結果、日本人オポジットは厳しい競争を余儀なくされているが......。
「一番手は難しい、とは思っていますけど、"チャンスは必ずくる"と思っています」
VC長野トライデンツのオポジット、飯田孝雅(23歳)は毅然として言う。身長200cmを超えるデンマーク代表オポジット、ウルリック・ダールは長野の得点源で、日本代表の西田有志、宮浦健人にも匹敵する得点を記録している。
「スタートで出られないというのは、モチベーションを高める上で難しいところはあります。でも、サーブ、ブロック、出たら何でも仕事ができるように準備して待つだけですね」
飯田はそう言って顔を綻ばせた。腹を括っているのだろう。人生、逆境を乗り越えてきた自負があるのだ。
「負けたくない」
その反骨が彼を強くしてきた。
飯田は今も、バレーボールとの邂逅を覚えている。中学校では、生徒は必ず何かの部活に入らなければならず、当初はテニス部か卓球部を候補に考えていたという。だが、小学校時代から一緒だったひとつ上の先輩に誘われ、バレーを体験した。

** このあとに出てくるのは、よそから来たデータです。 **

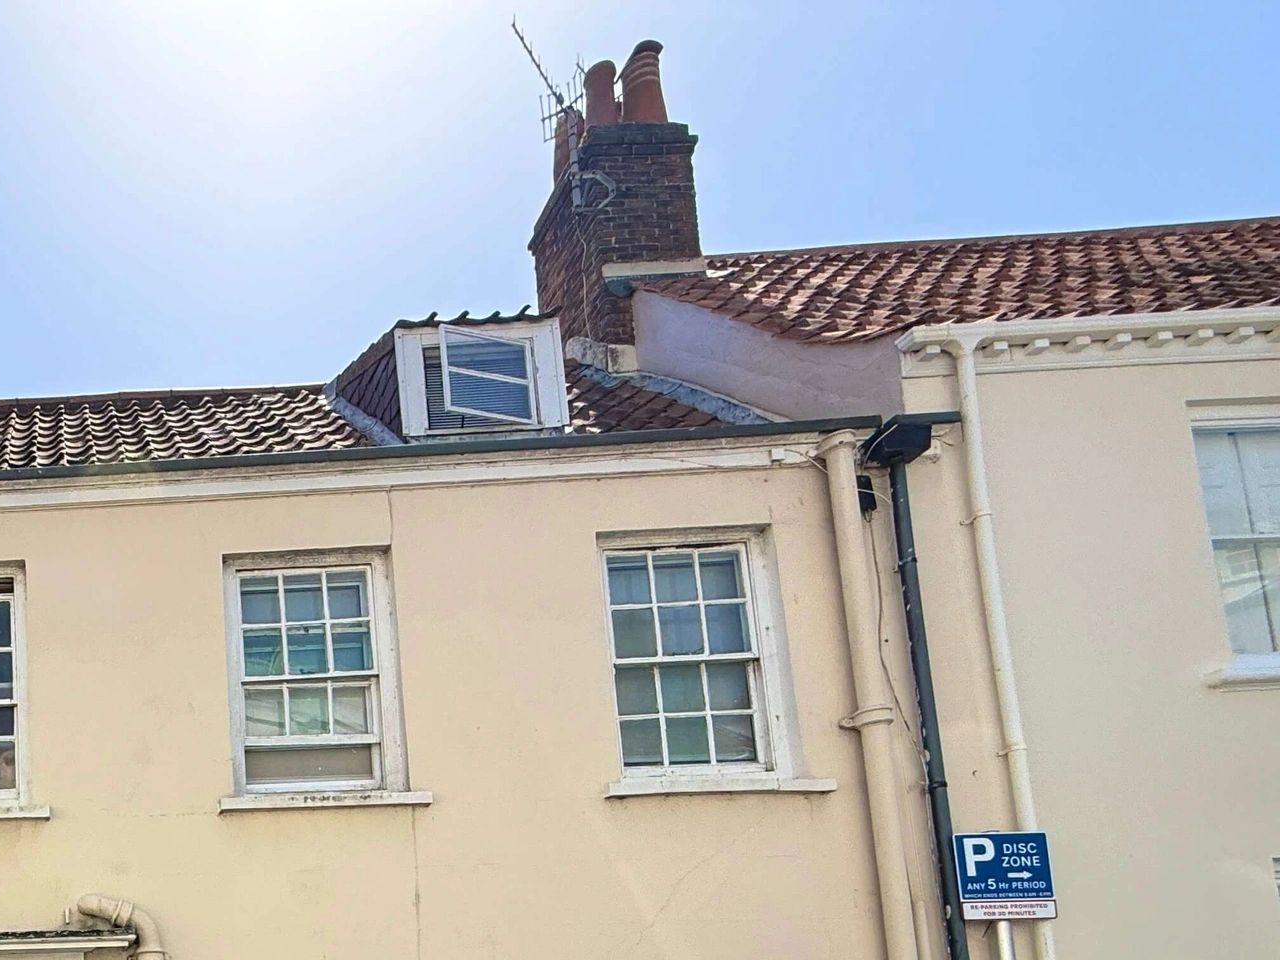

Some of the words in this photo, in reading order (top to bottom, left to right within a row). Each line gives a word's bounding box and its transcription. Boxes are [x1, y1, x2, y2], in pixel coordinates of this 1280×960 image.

[1003, 843, 1038, 854] DISC
[962, 837, 995, 877] P
[1001, 856, 1041, 867] ZONE
[967, 882, 985, 890] ANY
[987, 879, 996, 890] 5
[999, 882, 1009, 890] Hr
[1012, 881, 1046, 889] PERIOD

「1日目の体験が、めちゃくちゃ面白かったんです! 初めてだったんですが、ボールコントロールは下手ではなくて。それで(上級生に)『思い切り打つボールを取ってみる?』と聞かれて、それを戸惑わずに受けたら、ボールが綺麗に上がったんですよ。体験は3日間の予定だったんですが、その日に入部を決めました」
飯田は興奮を思い出したようにはつらつと言う。レシーブした時、背後には同じく体験に来た生徒たちが並んでいた。ひとりずつボールを受けるなか、彼の番だけ「おー」というどよめきが起こったという。その陶酔が、彼をバレーの虜にした。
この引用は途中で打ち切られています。